**** THE DATA ****

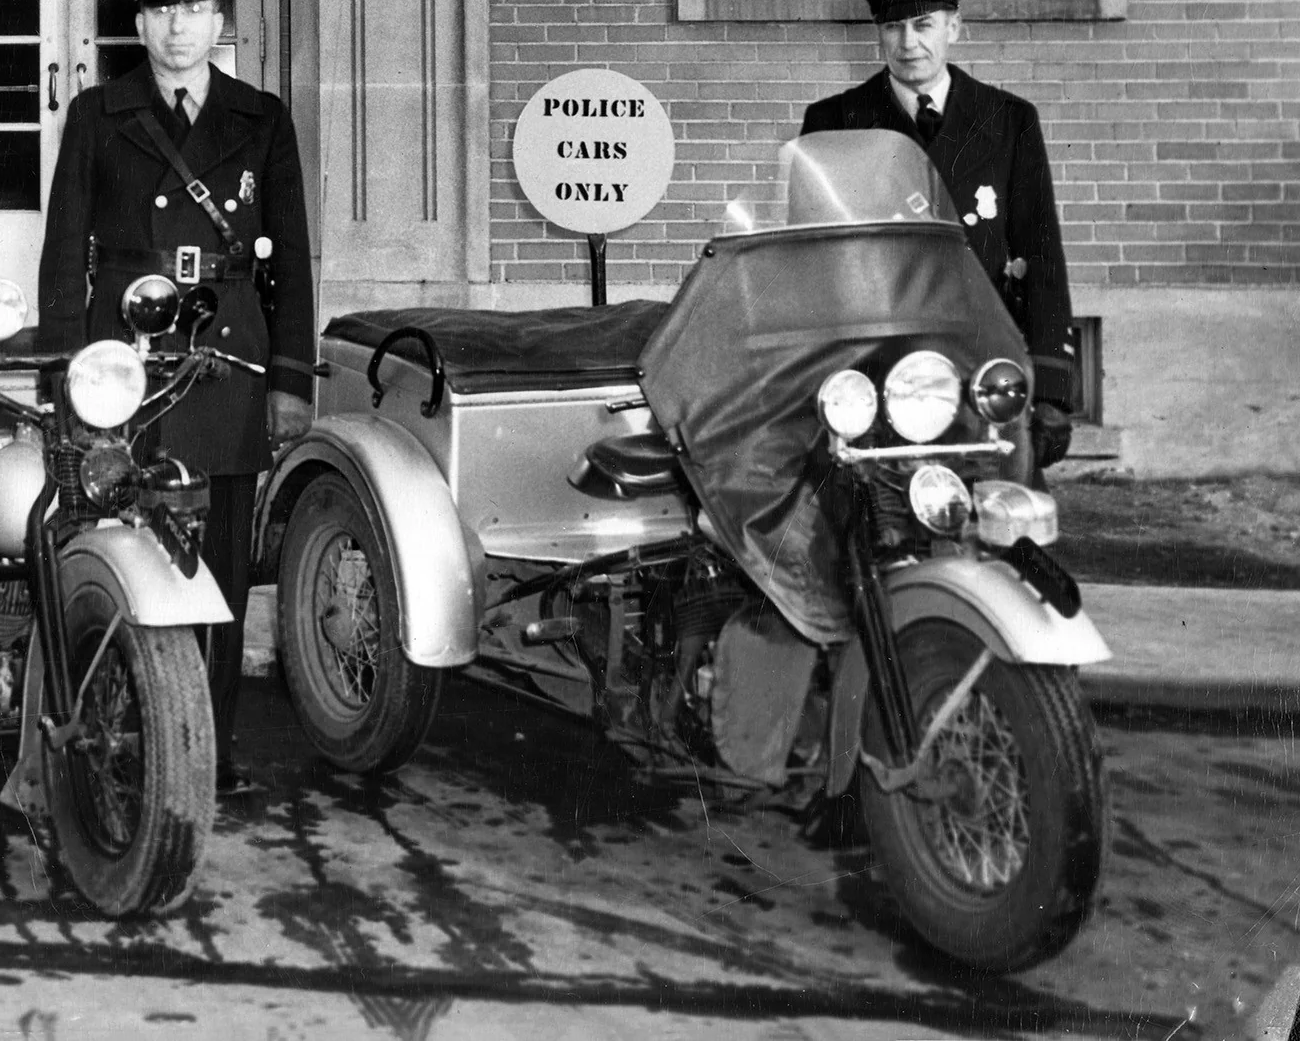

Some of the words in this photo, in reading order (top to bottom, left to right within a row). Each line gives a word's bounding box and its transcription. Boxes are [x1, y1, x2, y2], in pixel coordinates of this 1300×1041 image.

[543, 98, 645, 117] POLICE
[557, 141, 628, 159] CARS
[555, 183, 629, 202] ONLY
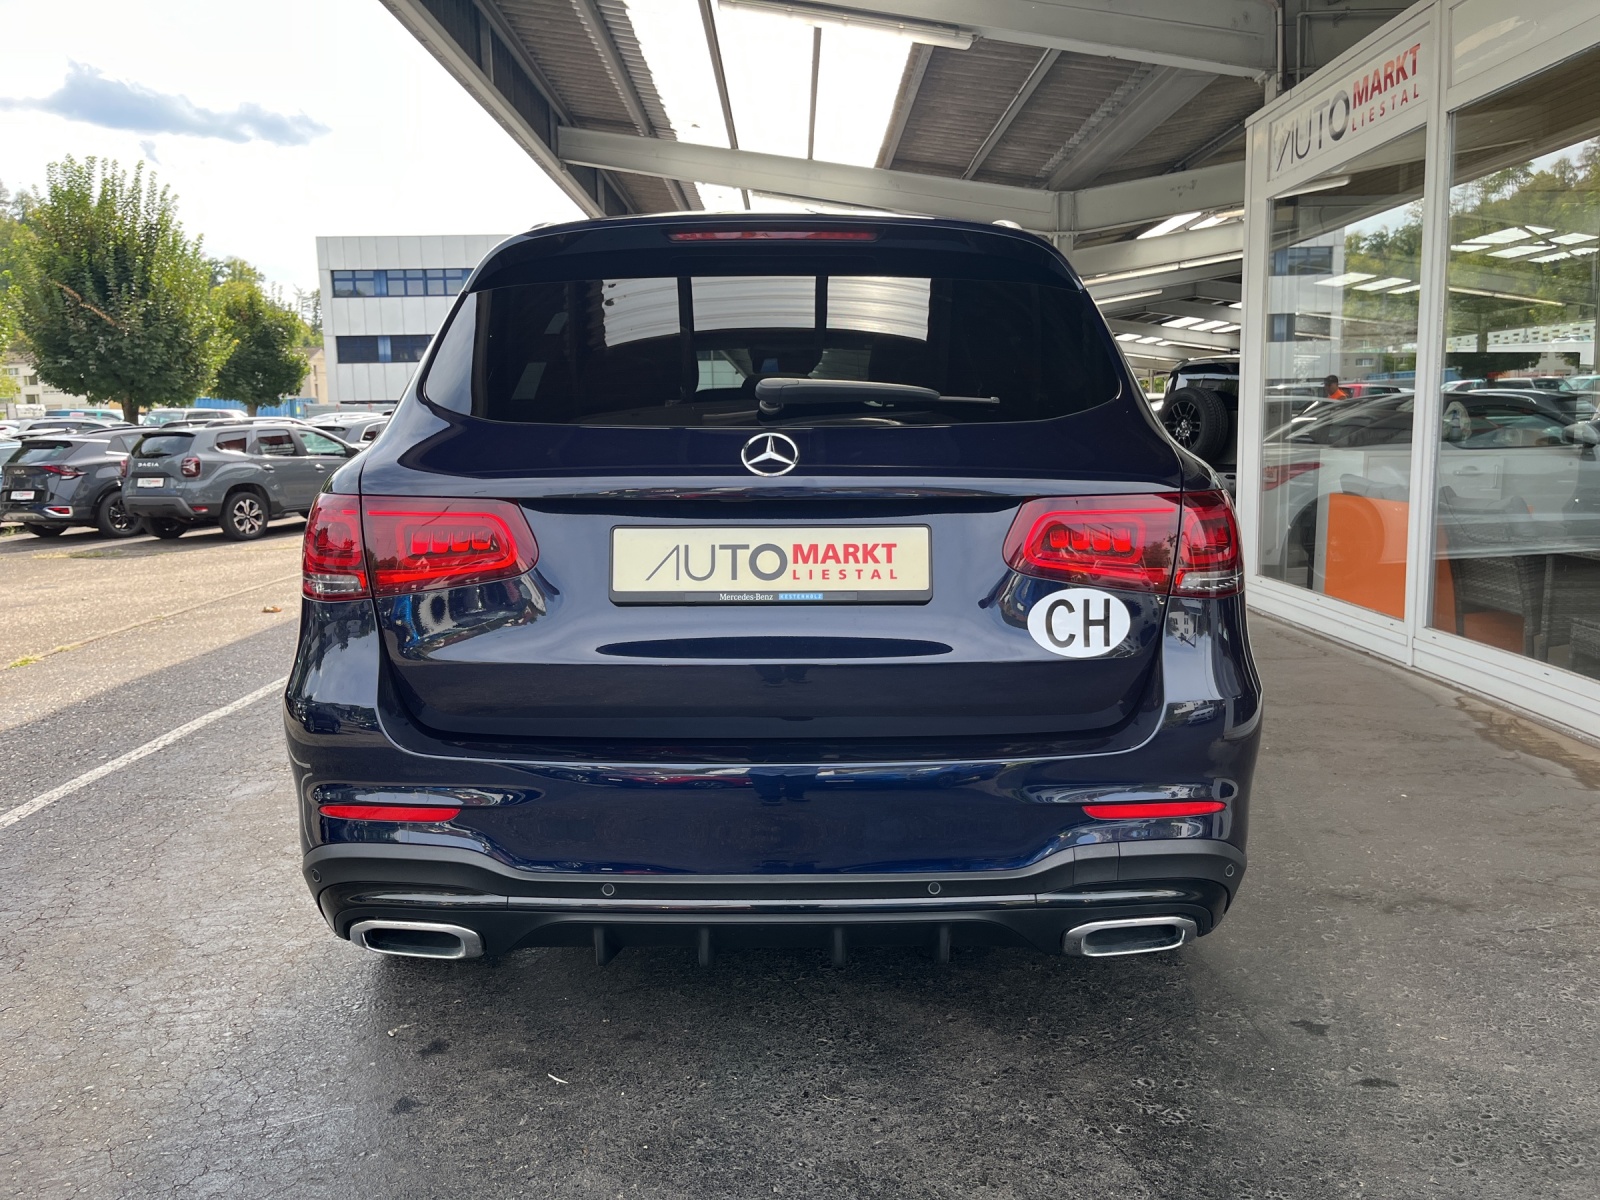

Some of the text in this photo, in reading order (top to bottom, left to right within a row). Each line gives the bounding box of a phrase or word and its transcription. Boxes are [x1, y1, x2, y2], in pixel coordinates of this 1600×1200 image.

[1352, 42, 1421, 110] MARKT
[1352, 83, 1419, 132] LIESTAL
[645, 543, 897, 581] AUTO MARKT
[792, 569, 898, 580] LIESTAL
[719, 593, 773, 601] Mercedes-Benz
[1045, 598, 1111, 648] CH
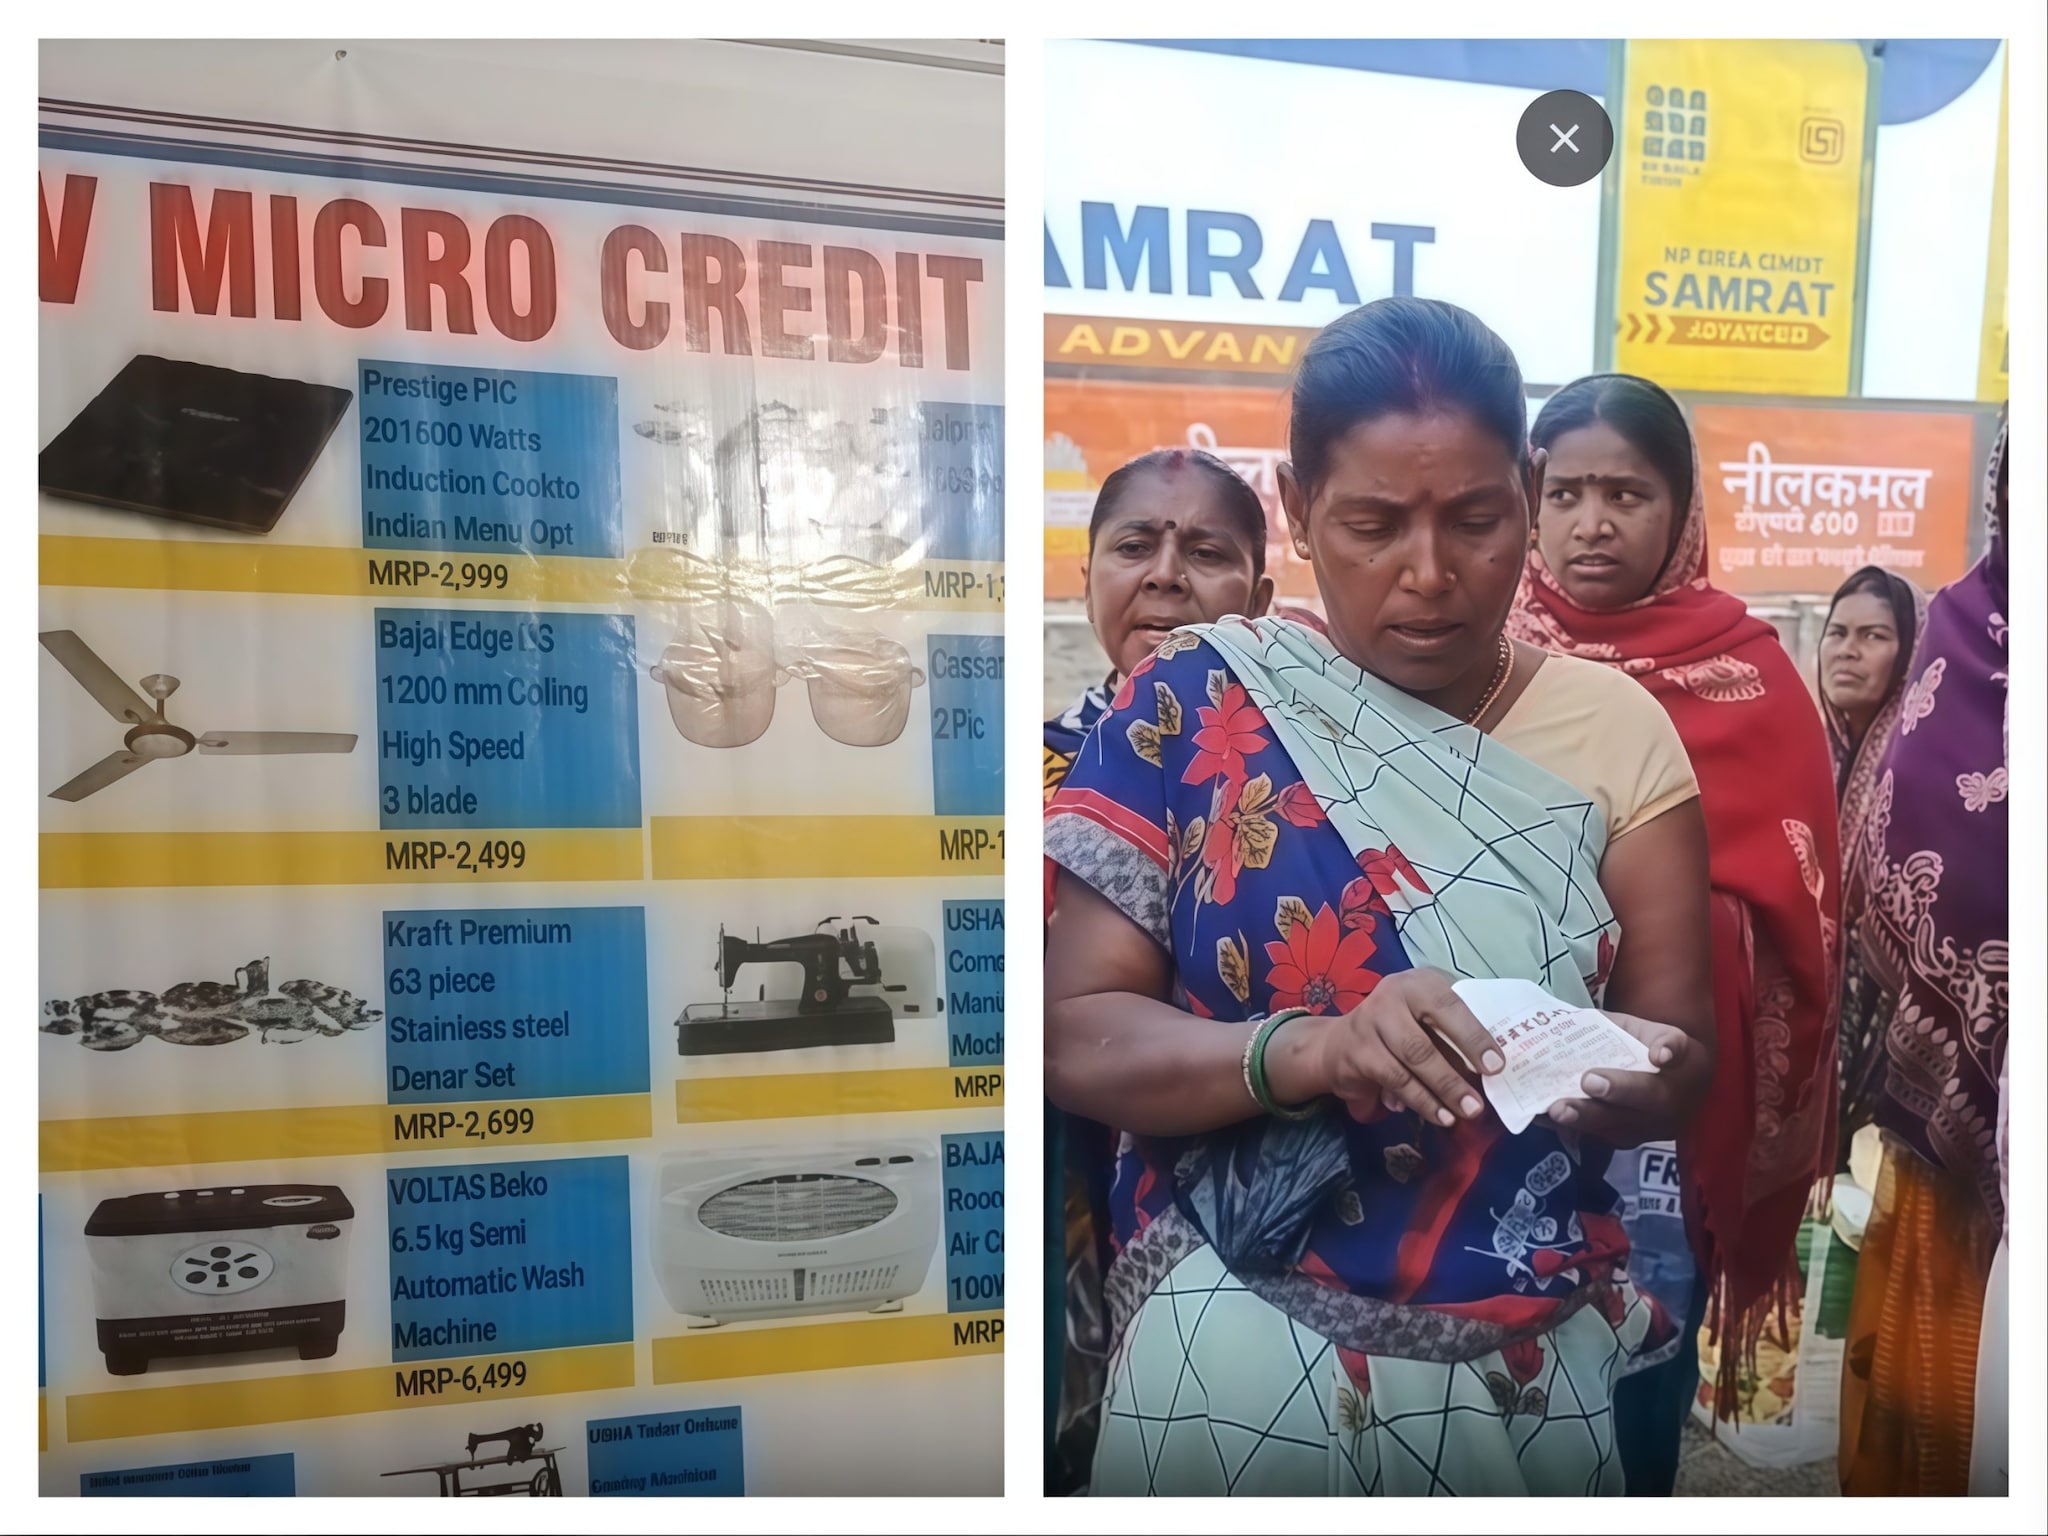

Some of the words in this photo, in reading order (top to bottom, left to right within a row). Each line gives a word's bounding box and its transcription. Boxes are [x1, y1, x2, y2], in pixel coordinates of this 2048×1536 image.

[149, 181, 558, 343] MICRO
[600, 224, 984, 371] CREDIT
[1643, 270, 1835, 318] SAMRAT
[1058, 323, 1296, 365] ADVAN
[364, 369, 468, 406] Prestige
[473, 377, 517, 404] PIC
[468, 423, 542, 452] Watts
[366, 463, 485, 495] Induction
[492, 470, 580, 500] Cookto
[1719, 441, 1933, 510] नीलकमल
[367, 511, 446, 540] Indian
[454, 515, 522, 543] Menu
[530, 519, 574, 549] Opt
[368, 559, 509, 591] MRP-2,999
[450, 620, 513, 658] Edge
[382, 674, 447, 705] 1200
[453, 682, 502, 705] mm
[507, 676, 589, 713] Coling
[934, 707, 949, 739] 2
[952, 707, 985, 739] Pic
[382, 729, 441, 767] High
[448, 730, 525, 767] Speed
[383, 785, 400, 815] 3
[407, 784, 478, 815] blade
[385, 840, 526, 874] MRP-2,499
[387, 918, 452, 947] Kraft
[460, 918, 572, 945] Premium
[946, 907, 1004, 932] USHA
[389, 967, 422, 995] 63
[429, 965, 496, 1001] piece
[512, 1010, 569, 1039] steel
[391, 1064, 468, 1092] Denar
[474, 1061, 516, 1089] Set
[393, 1107, 534, 1141] MRP-2,699
[946, 1141, 1004, 1168] BAJA
[389, 1173, 486, 1206] VOLTAS
[490, 1170, 548, 1199] Beko
[391, 1224, 431, 1253] 6.5
[435, 1223, 463, 1255] kg
[469, 1218, 526, 1248] Semi
[950, 1231, 980, 1257] Air
[985, 1229, 1004, 1255] C
[393, 1266, 517, 1301] Automatic
[521, 1261, 585, 1292] Wash
[394, 1317, 497, 1350] Machine
[395, 1360, 527, 1398] MRP-6,499

****

▶ _GOAL OF THE EXERCISE_: Repeat the entries exactly, pictures left out.

▶ _WRITTEN SOLUTION_:
Some of the words in this photo, in reading order (top to bottom, left to right within a row). Each line gives a word's bounding box and its transcription. Boxes are [x1, y1, x2, y2], in pixel coordinates of this 1300×1041 image.

[543, 98, 645, 117] POLICE
[557, 141, 628, 159] CARS
[555, 183, 629, 202] ONLY

Some of the text in this photo, in reading order (top to bottom, left to right within a row). Each line gives the bounding box of a phrase or word and its transcription. Boxes are [x1, y1, x2, y2], in pixel coordinates of this 1600×1200 image.

[1352, 42, 1421, 110] MARKT
[1352, 83, 1419, 132] LIESTAL
[645, 543, 897, 581] AUTO MARKT
[792, 569, 898, 580] LIESTAL
[719, 593, 773, 601] Mercedes-Benz
[1045, 598, 1111, 648] CH

Some of the words in this photo, in reading order (top to bottom, left to right within a row). Each line gives a word's bounding box and its transcription. Boxes are [x1, y1, x2, y2], in pixel coordinates of this 2048×1536 image.

[149, 181, 558, 343] MICRO
[600, 224, 984, 371] CREDIT
[1643, 270, 1835, 318] SAMRAT
[1058, 323, 1296, 365] ADVAN
[364, 369, 468, 406] Prestige
[473, 377, 517, 404] PIC
[468, 423, 542, 452] Watts
[366, 463, 485, 495] Induction
[492, 470, 580, 500] Cookto
[1719, 441, 1933, 510] नीलकमल
[367, 511, 446, 540] Indian
[454, 515, 522, 543] Menu
[530, 519, 574, 549] Opt
[368, 559, 509, 591] MRP-2,999
[450, 620, 513, 658] Edge
[382, 674, 447, 705] 1200
[453, 682, 502, 705] mm
[507, 676, 589, 713] Coling
[934, 707, 949, 739] 2
[952, 707, 985, 739] Pic
[382, 729, 441, 767] High
[448, 730, 525, 767] Speed
[383, 785, 400, 815] 3
[407, 784, 478, 815] blade
[385, 840, 526, 874] MRP-2,499
[387, 918, 452, 947] Kraft
[460, 918, 572, 945] Premium
[946, 907, 1004, 932] USHA
[389, 967, 422, 995] 63
[429, 965, 496, 1001] piece
[512, 1010, 569, 1039] steel
[391, 1064, 468, 1092] Denar
[474, 1061, 516, 1089] Set
[393, 1107, 534, 1141] MRP-2,699
[946, 1141, 1004, 1168] BAJA
[389, 1173, 486, 1206] VOLTAS
[490, 1170, 548, 1199] Beko
[391, 1224, 431, 1253] 6.5
[435, 1223, 463, 1255] kg
[469, 1218, 526, 1248] Semi
[950, 1231, 980, 1257] Air
[985, 1229, 1004, 1255] C
[393, 1266, 517, 1301] Automatic
[521, 1261, 585, 1292] Wash
[394, 1317, 497, 1350] Machine
[395, 1360, 527, 1398] MRP-6,499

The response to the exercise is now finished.